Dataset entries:

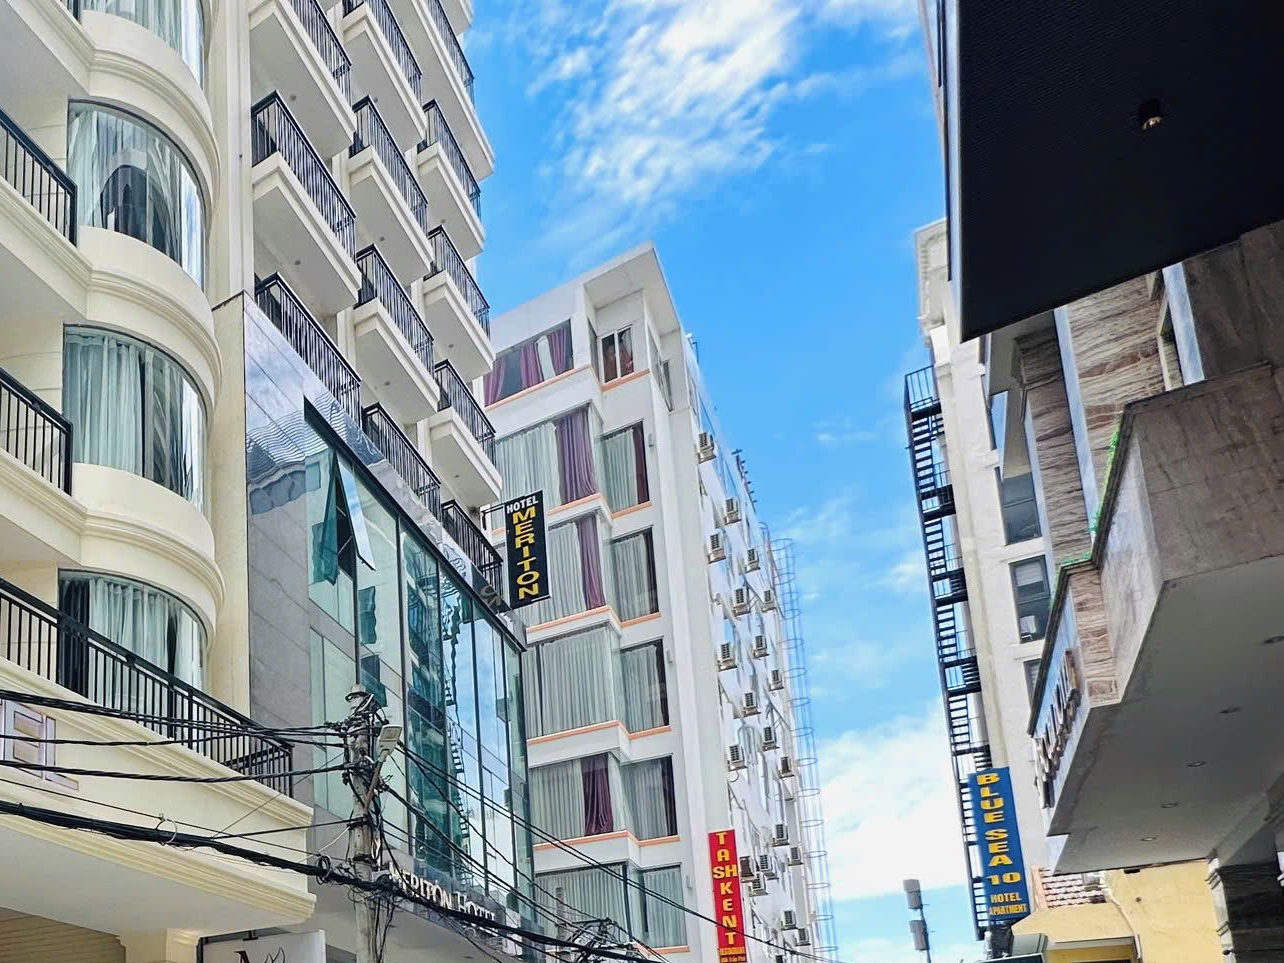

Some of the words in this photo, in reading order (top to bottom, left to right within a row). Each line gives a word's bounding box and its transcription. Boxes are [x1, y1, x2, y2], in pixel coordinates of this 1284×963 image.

[507, 496, 538, 514] HOTEL
[512, 505, 540, 600] MERITON
[976, 772, 1005, 823] BLUE
[984, 828, 1013, 867] SEA
[712, 831, 739, 945] TASHKENT
[987, 871, 1022, 886] 10
[990, 891, 1022, 903] HOTEL
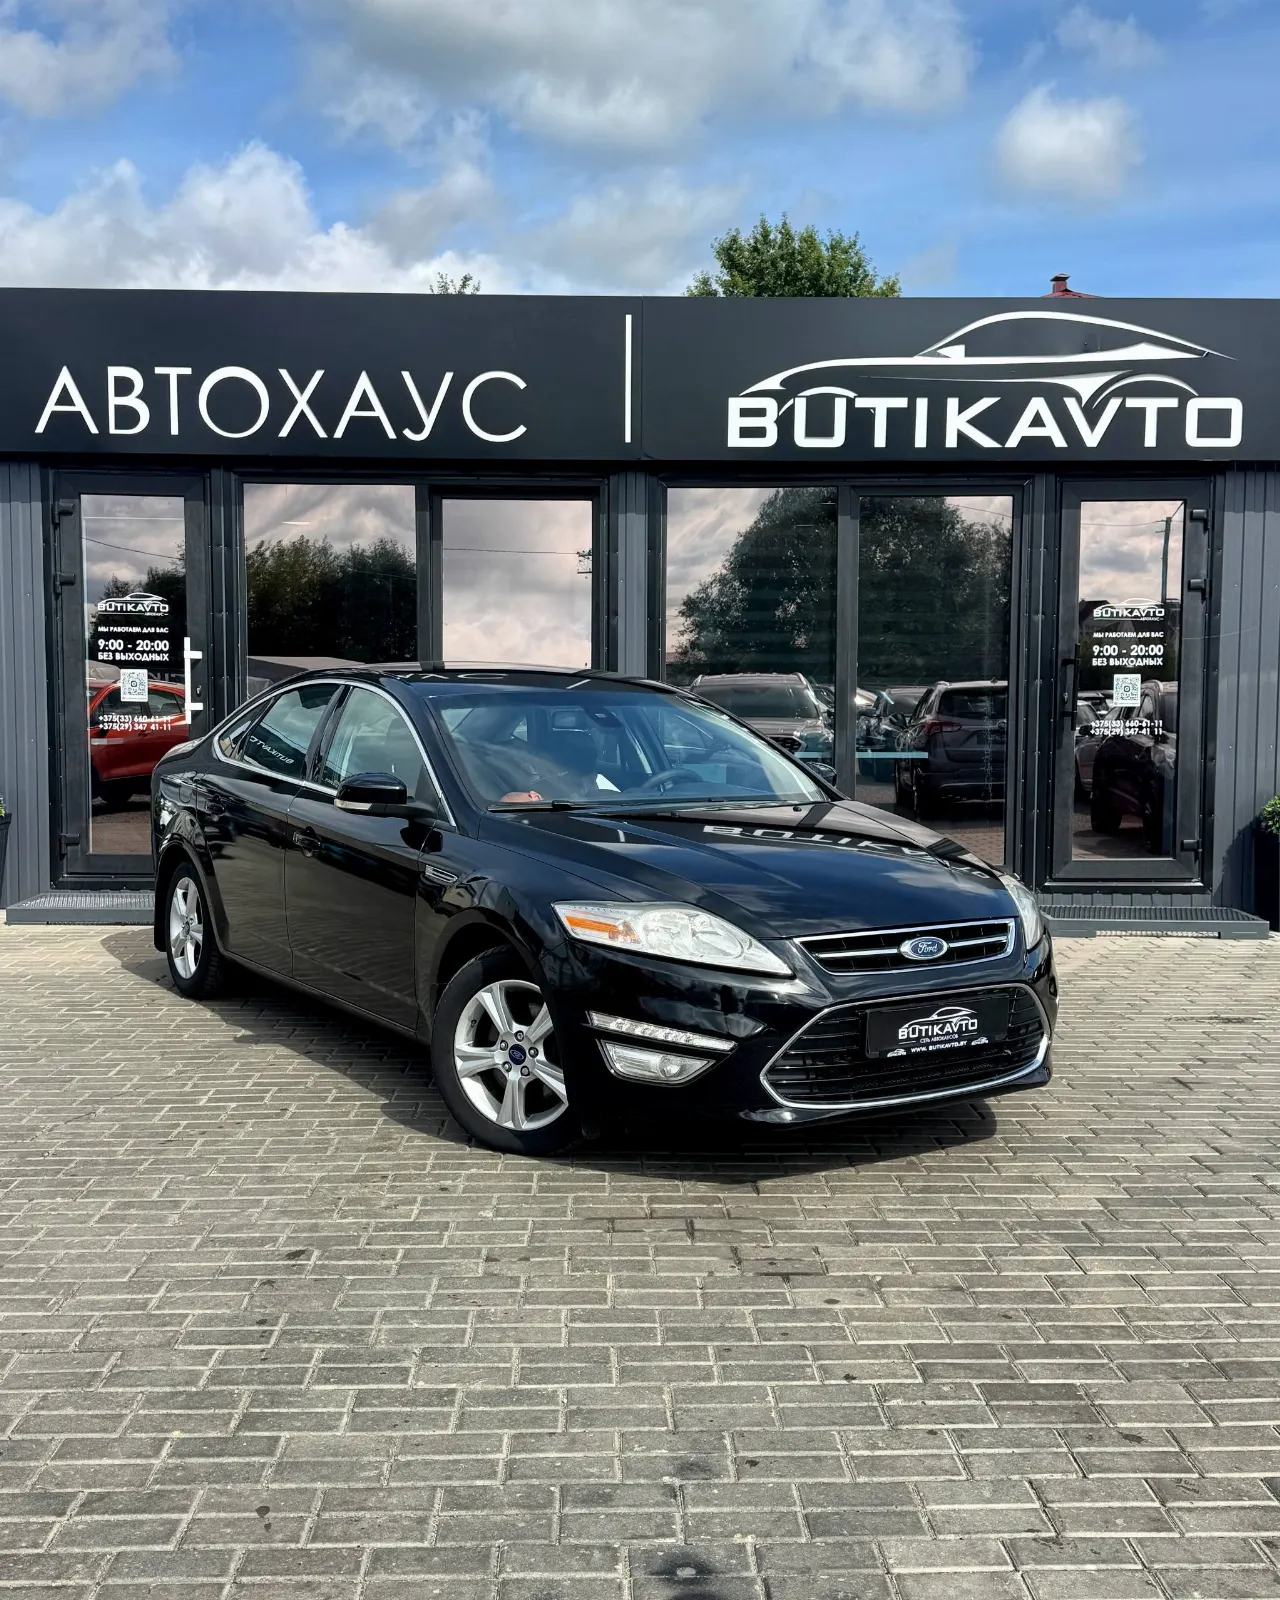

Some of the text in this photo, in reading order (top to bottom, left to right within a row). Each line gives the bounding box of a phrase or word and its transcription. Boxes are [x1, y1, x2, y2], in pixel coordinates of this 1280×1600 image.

[34, 365, 528, 443] АВТОХАУС
[727, 396, 1244, 449] BUTIKAVTO
[97, 602, 169, 612] BUTIKAVTO
[1093, 608, 1165, 617] BUTIKAVTO
[98, 639, 124, 650] 9:00
[136, 640, 169, 651] 20:00
[1092, 645, 1118, 656] 9:00
[1130, 645, 1164, 656] 20:00
[98, 652, 169, 661] БЕЗ ВЫХОДНЫХ
[1092, 658, 1163, 666] БЕЗ ВЫХОДНЫХ
[1090, 720, 1124, 728] +375(33)
[1090, 727, 1124, 736] +375(29)
[917, 941, 939, 954] Ford
[898, 1019, 978, 1040] BUTIKAVTO

WHAT THE EXERCISE ASKS:
Nothing but the lines from the one that contains "Some of the text" through the last line of the entries should appear in your reply, each repeated exactly.

RESULT:
Some of the text in this photo, in reading order (top to bottom, left to right within a row). Each line gives the bounding box of a phrase or word and its transcription. Boxes are [x1, y1, x2, y2], in pixel coordinates of this 1280×1600 image.

[34, 365, 528, 443] АВТОХАУС
[727, 396, 1244, 449] BUTIKAVTO
[97, 602, 169, 612] BUTIKAVTO
[1093, 608, 1165, 617] BUTIKAVTO
[98, 639, 124, 650] 9:00
[136, 640, 169, 651] 20:00
[1092, 645, 1118, 656] 9:00
[1130, 645, 1164, 656] 20:00
[98, 652, 169, 661] БЕЗ ВЫХОДНЫХ
[1092, 658, 1163, 666] БЕЗ ВЫХОДНЫХ
[1090, 720, 1124, 728] +375(33)
[1090, 727, 1124, 736] +375(29)
[917, 941, 939, 954] Ford
[898, 1019, 978, 1040] BUTIKAVTO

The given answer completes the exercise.